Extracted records
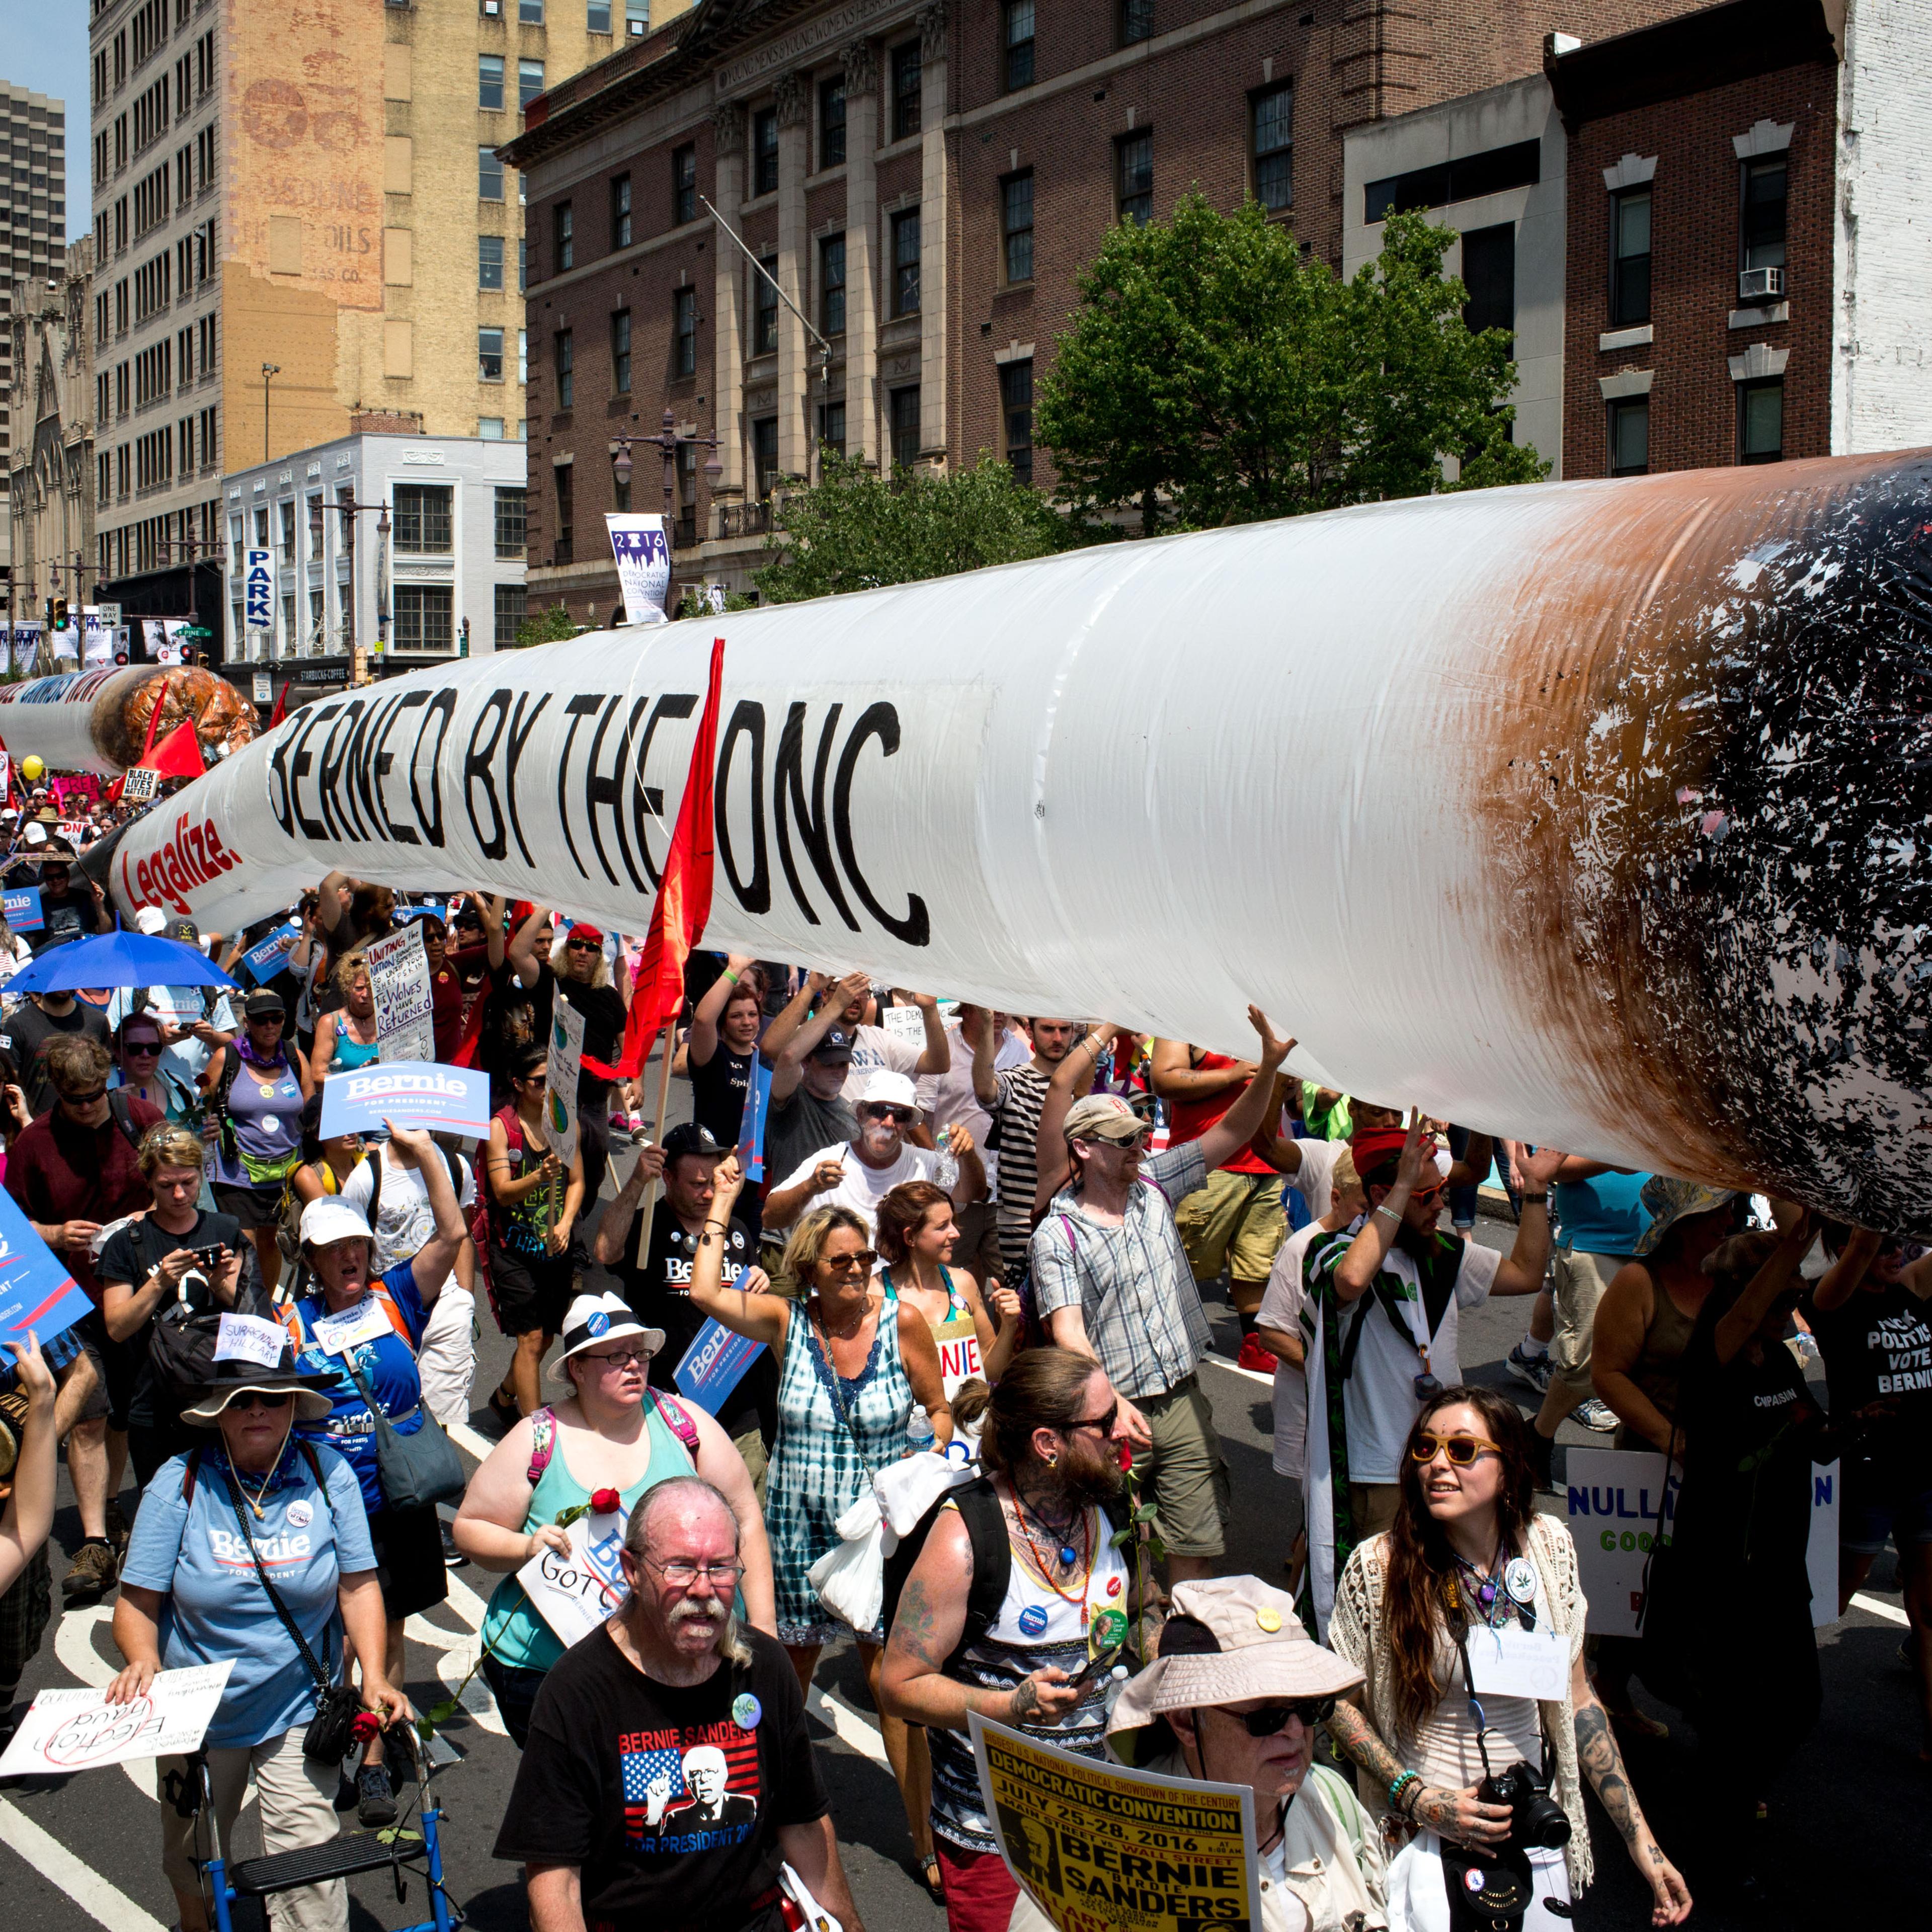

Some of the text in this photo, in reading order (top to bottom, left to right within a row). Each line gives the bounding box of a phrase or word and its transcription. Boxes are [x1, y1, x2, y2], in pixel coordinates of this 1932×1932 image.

[248, 551, 272, 617] PARK
[301, 669, 345, 680] STARBUCKS COFFEE
[126, 778, 152, 790] LIVES
[128, 769, 154, 780] BLACK
[124, 788, 151, 797] MATTER
[464, 689, 553, 868] BY
[558, 693, 699, 895] THE
[122, 812, 243, 916] Legalize.
[369, 930, 419, 965] UNITING the
[373, 977, 381, 987] SO
[407, 954, 424, 967] YOUR
[395, 997, 414, 1013] HAVE
[885, 1012, 903, 1024] THE
[895, 1026, 922, 1037] IS THE
[856, 1067, 880, 1075] BERNI
[346, 1072, 468, 1099] Bernie
[388, 1098, 447, 1107] PRESIDENT
[1110, 1098, 1128, 1114] B
[665, 1256, 743, 1281] Beie
[1879, 1309, 1917, 1331] FUCK
[225, 1324, 278, 1352] SURRENDER
[229, 1338, 277, 1363] HILLARY
[687, 1324, 733, 1384] Ber
[708, 1336, 744, 1383] FOR PRESIDE
[941, 1338, 981, 1377] NIE
[1888, 1347, 1931, 1371] VOTE
[1877, 1369, 1932, 1394] BERNI
[229, 1569, 296, 1580] FOR PDENT
[541, 1550, 602, 1597] GOT
[1023, 1611, 1046, 1626] Bernie
[33, 1716, 166, 1753] Election
[619, 1729, 680, 1754] BERNIE
[985, 1730, 1240, 1809] BIGGEST U.S. NATIONAL POLITICAL SHOWDOWN OF THE CENTURY
[990, 1749, 1236, 1830] DEMOCRATIC CONVENTION
[996, 1779, 1050, 1812] JULY
[1057, 1805, 1130, 1841] 25-28,
[1137, 1830, 1198, 1852] 2016
[660, 1827, 734, 1855] PRESIDENT
[1004, 1797, 1039, 1819] MAIN
[1044, 1814, 1096, 1843] STREET
[1121, 1844, 1169, 1861] WALL
[1173, 1854, 1234, 1867] STREET
[1062, 1830, 1240, 1889] BERNIE
[1064, 1865, 1241, 1919] SANDERS

§ **ACTIVITY**
Scan the entries above and return each line that holds "STREET".

§ **ANSWER TO THIS EXERCISE**
[1044, 1814, 1096, 1843] STREET
[1173, 1854, 1234, 1867] STREET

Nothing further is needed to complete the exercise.